Netskope: Most Cloud Apps Are Not ‘Enterprise-Ready’
A new Netskope report revealed that nearly half of all cloud application activity now occurs on mobile devices.
The research, titled “October 2014 Netskope Cloud Report,” also showed that nearly 89 percent of cloud apps are not “enterprise-ready,” and more than one-third of all data leakage policy violations occur on smartphones and tablets.
“There’s a veritable storm of corporate activity across a wide variety of cloud apps, and it’s increasingly happening on mobile devices and often from remote locations,” Netskope CEO Sanjay Beri said in a prepared statement. “This makes it even more difficult for IT to keep tabs on sensitive corporate and customer data on user-owned devices, especially when you consider that the majority of these apps aren’t enterprise-ready.”
Netskope ranked Google Drive, Facebook and Twitter as its top three enterprise cloud apps.

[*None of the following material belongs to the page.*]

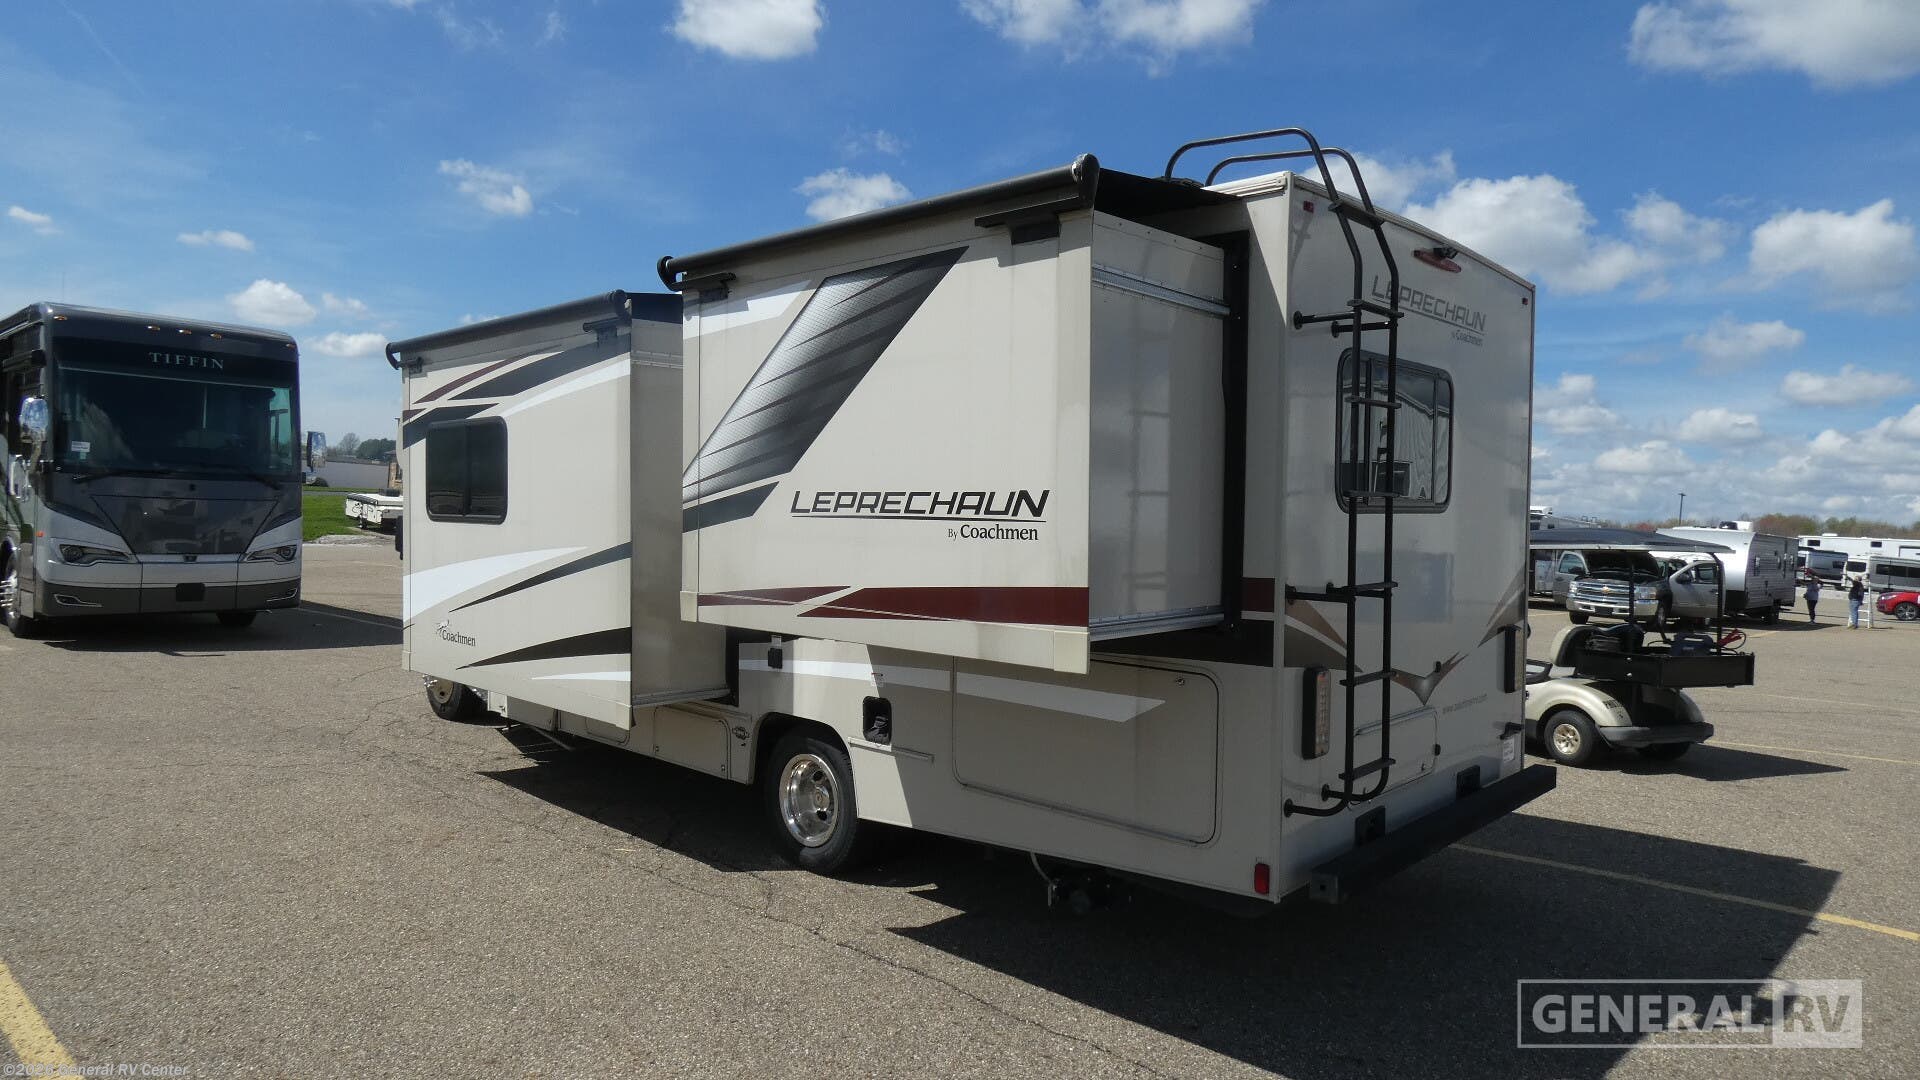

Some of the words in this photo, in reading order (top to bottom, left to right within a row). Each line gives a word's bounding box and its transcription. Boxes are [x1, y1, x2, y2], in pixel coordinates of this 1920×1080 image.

Dropbox, Facebook and Twitter were named the top three apps enterprise users access from their mobile devices.
Other report results included:
- On average, organizations have 579 cloud apps in use.
- For every upload to cloud software development apps, there are three downloads.
- 21 percent of data uploaded to cloud business intelligence apps are in apps whose terms say the app vendor owns the data.
Netskope said its report findings were based on tens of billions of cloud app events seen across millions of users and represent usage trends from July to September.
Enterprises want cloud apps, but why?
Why do many of today’s enterprises want cloud apps?
Siki Giunta, senior vice president of cloud services for Verizon Enterprise Solutions (VZ), recently said she believes the cloud has become “an established platform for application workloads,” which has made it increasingly valuable to enterprises worldwide.
“When it comes to enterprise IT and cloud computing, the discussion has decidedly shifted from ‘if’ to ‘how’ and ‘what,'” Giunta said in a prepared statement. “Customers are now coming to us with more detailed, stringent requirements and questions about where and how to use the cloud to transform their businesses and mission-critical workloads, instead of whether or not to use it.”
The report revealed that 65 percent of enterprises are using cloud computing, and enterprise spend on cloud is up 38 percent year over year.
Researchers also pointed out that 71 percent of enterprises said they expect to use the cloud for external-facing production apps by 2017.